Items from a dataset
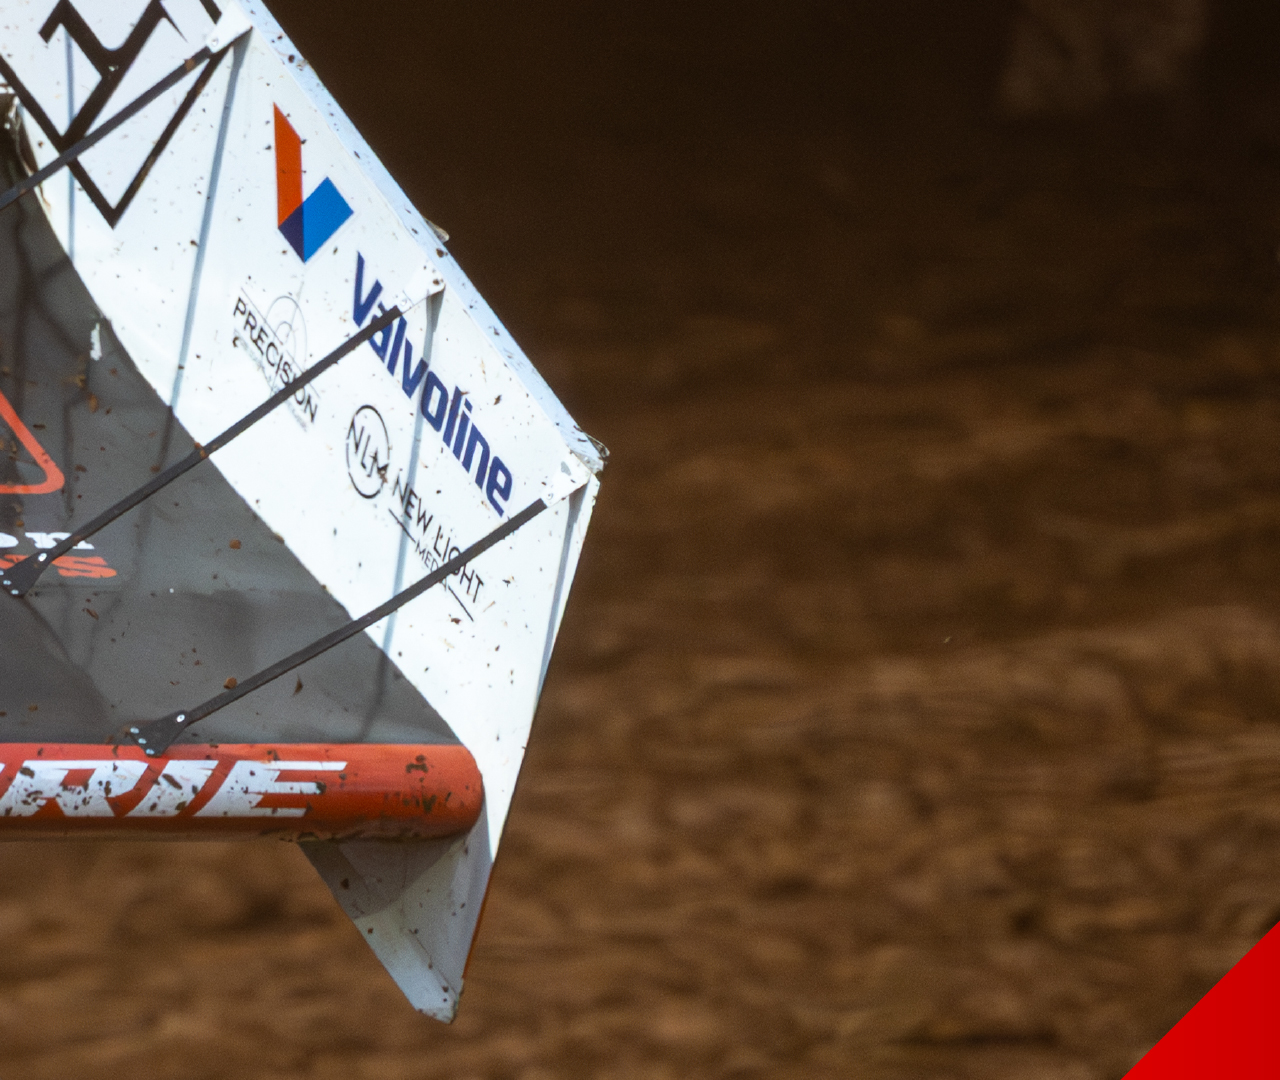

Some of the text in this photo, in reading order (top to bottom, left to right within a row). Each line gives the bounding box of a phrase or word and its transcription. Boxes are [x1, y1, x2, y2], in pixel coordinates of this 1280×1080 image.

[353, 250, 512, 518] Valvoline
[393, 473, 434, 535] NEW
[415, 540, 448, 592] MED
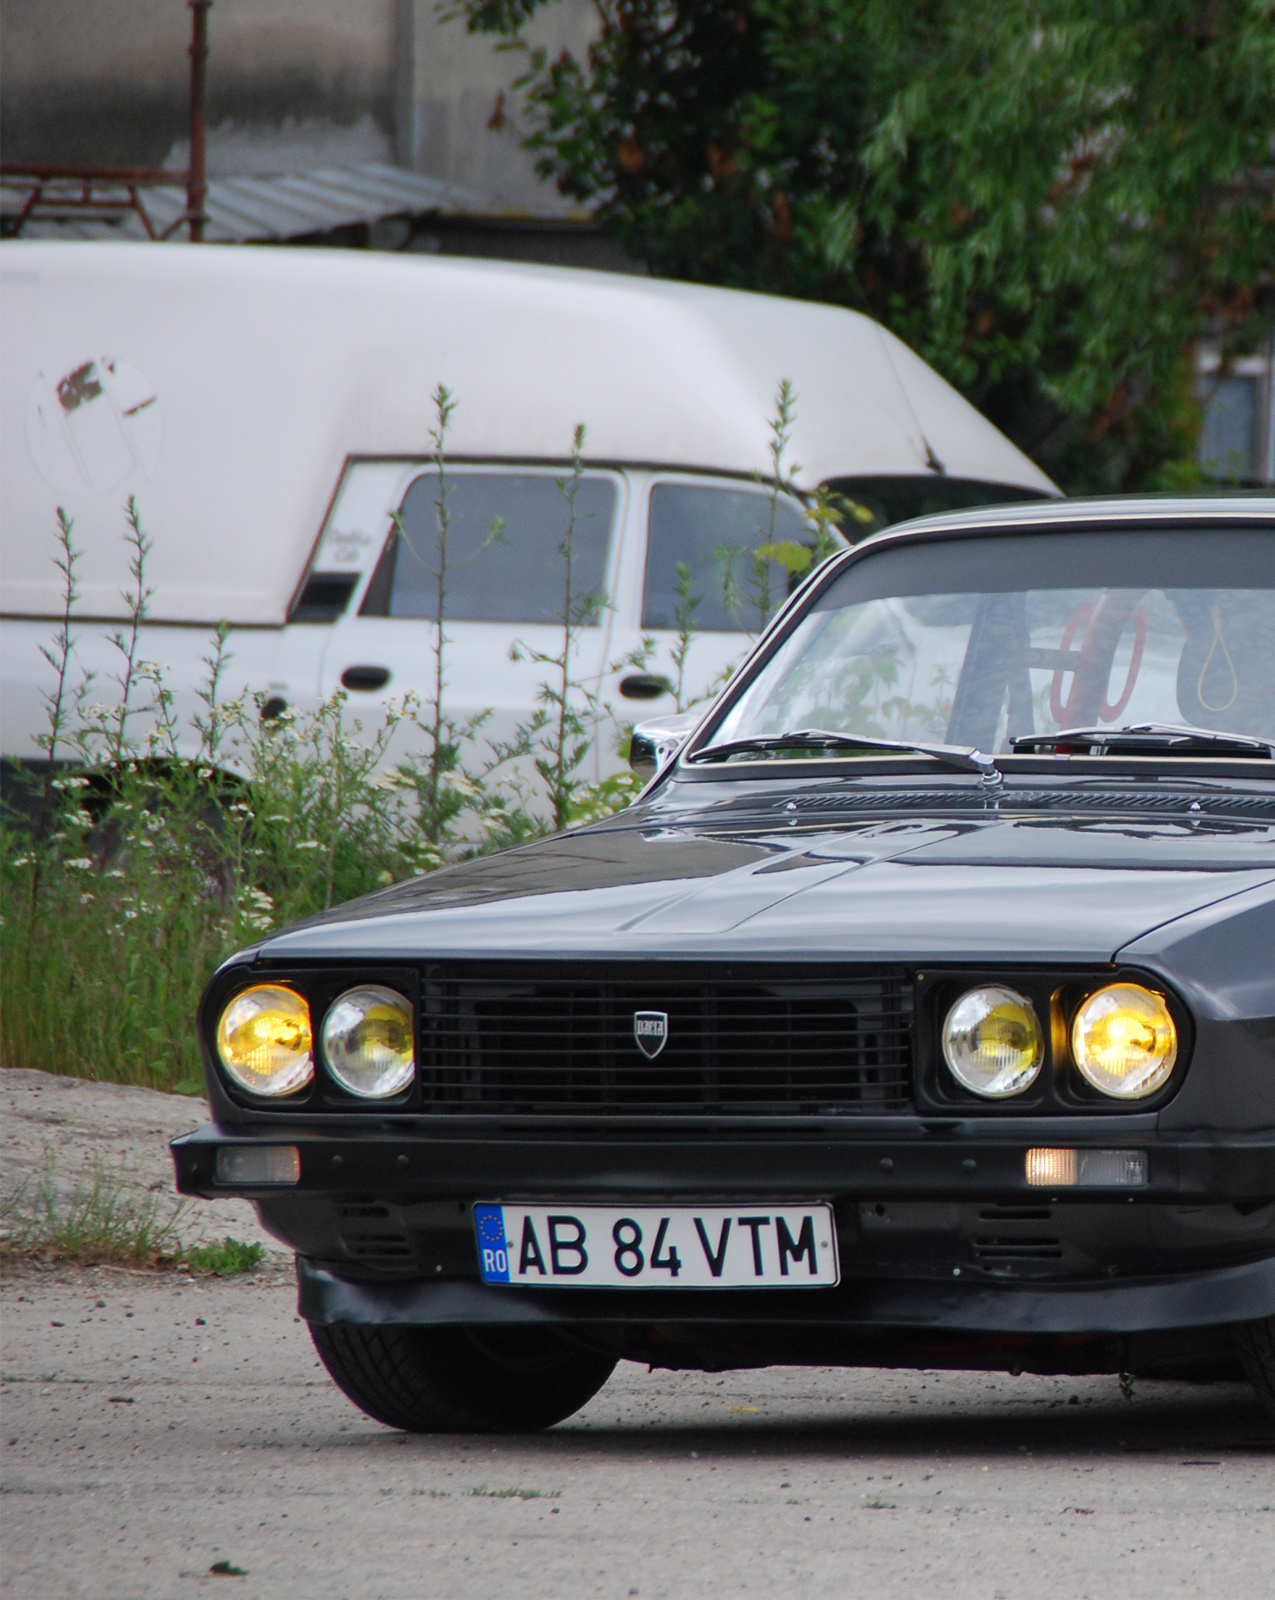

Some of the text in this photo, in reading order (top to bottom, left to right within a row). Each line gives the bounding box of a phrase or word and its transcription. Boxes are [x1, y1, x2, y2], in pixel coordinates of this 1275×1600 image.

[483, 1248, 507, 1273] RO
[518, 1215, 818, 1277] AB 84 VTM

▶ Task goal: Give back the records above word for word, minus any image they hold.

▶ Solved exercise:
Some of the text in this photo, in reading order (top to bottom, left to right within a row). Each line gives the bounding box of a phrase or word and its transcription. Boxes are [x1, y1, x2, y2], in pixel coordinates of this 1280×1080 image.

[353, 250, 512, 518] Valvoline
[393, 473, 434, 535] NEW
[415, 540, 448, 592] MED

Some of the text in this photo, in reading order (top to bottom, left to right within a row). Each line gives the bounding box of a phrase or word and its transcription. Boxes are [x1, y1, x2, y2], in pixel coordinates of this 1275×1600 image.

[483, 1248, 507, 1273] RO
[518, 1215, 818, 1277] AB 84 VTM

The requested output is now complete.